Nous voilà arrivés au terme de ce travail, il s'agit maintenant de conclure. Se défaire d'une historiographie trop classique n'a pas toujours été simple, malgré les nombreux travaux de qualité ayant ponctué la recherche en histoire de l'éducation ces dernières décennies, le champ n'est pas le plus dynamique des sciences sociales, les débats y sont rares. Pour proposer une approche originale il est donc nécessaire d'insuffler à l'objet des préoccupations plus actuelles de la recherche historique. C'est pourquoi, l'idée d'étudier l'école dans l'espace où elle se déploie a composé un souci constant du présent mémoire. La dimension spatiale de la scolarisation permet de rompre avec le cadre de prédilection des études du champ, c'est-à-dire celui de la nation. Bien sûr, en étudiant la mise en place des systèmes scolaires européens au cours de « La Belle Époque », il ne s'agit à aucun moment de minimiser l'intérêt heuristique que comporte le cadre national : l'école est avant tout celle de la citoyenneté, comme l'écrit Damiano Matasci elle « devient un moyen de « fixer » la nation : elle contribue à sa matérialité, à son invention, voire à sa pérennité »558. Néanmoins, aussi efficient que ce cadre d'analyse puisse être, réduire l'école à la nation impose une vision totalisante qui tend à nier les différences de vécu dans les expériences scolaires des acteurs historiques. Or, comme nous espérons l'avoir montré, l'école n'est pas que l'imposition au niveau local d'un pouvoir national, elle est aussi négociations à différentes échelles - entre mairies, communes, instituteurs, inspecteurs... - qui permettent de placer au centre de l'étude l'approche micro-historique. Certains, par leur volonté d'autonomiser les deux échelles sont tombés dans le travers inverse, essayant de faire valoir l'idée - déjà très vieille - d'une lutte des cultures : l'école de la nation viserait à l'homogénéisation violente des populations par la pure et simple destruction des terroirs559. Si ces affirmations ont largement été infirmées depuis, il ne faut pas non plus leur dénier tout intérêt.

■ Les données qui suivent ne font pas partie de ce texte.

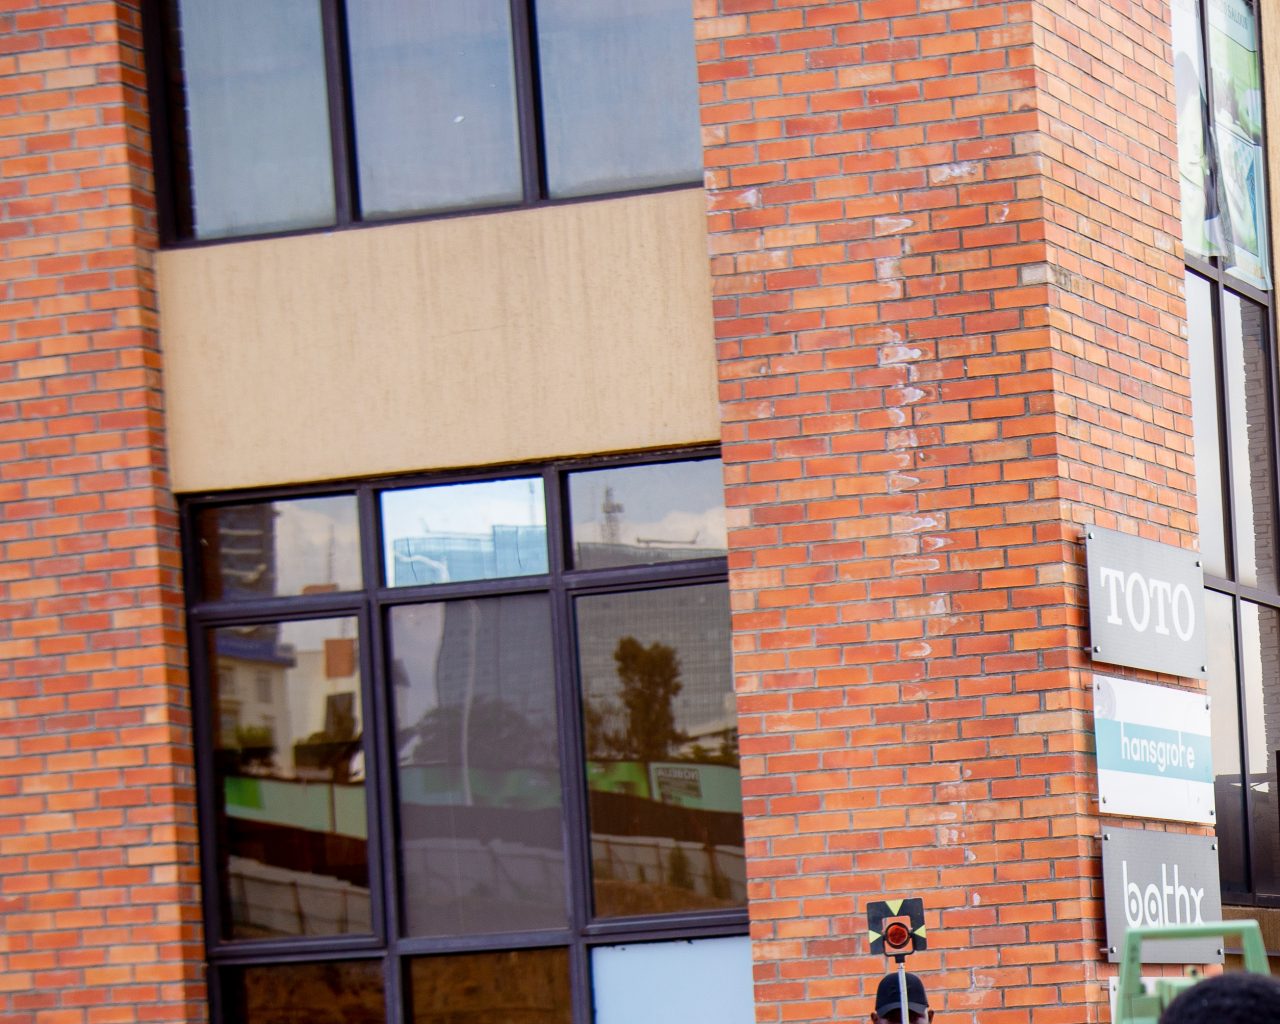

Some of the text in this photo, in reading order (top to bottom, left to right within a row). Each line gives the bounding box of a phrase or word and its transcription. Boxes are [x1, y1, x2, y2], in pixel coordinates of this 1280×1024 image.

[1100, 567, 1195, 641] TOTO
[1120, 720, 1195, 772] hansgrohe
[1122, 860, 1204, 928] bathx

Elles permettent de pointer du doigt l'oubli des réalités locales dans la feinte homogénéité des expériences nationales. Une fois cela posé, le risque est pour nous de jouer sur un registre de simples ressemblances/différences entre les textes officiels et les faits glanés ici et là, venant contredire la norme. Toutefois, cette méthode est d'un bien maigre intérêt

558 Damiano MATASCI, L'école républicaine... op.cit, p.8.

559 Sur ce point voir les ouvrages d'Eugen WEBER, Peasants into frenchmen... op.cit et de Suzanne CITRON, Le Mythe National, op.cit, qui malgré leur date de publication déjà ancienne, connaissent une étonnante postérité.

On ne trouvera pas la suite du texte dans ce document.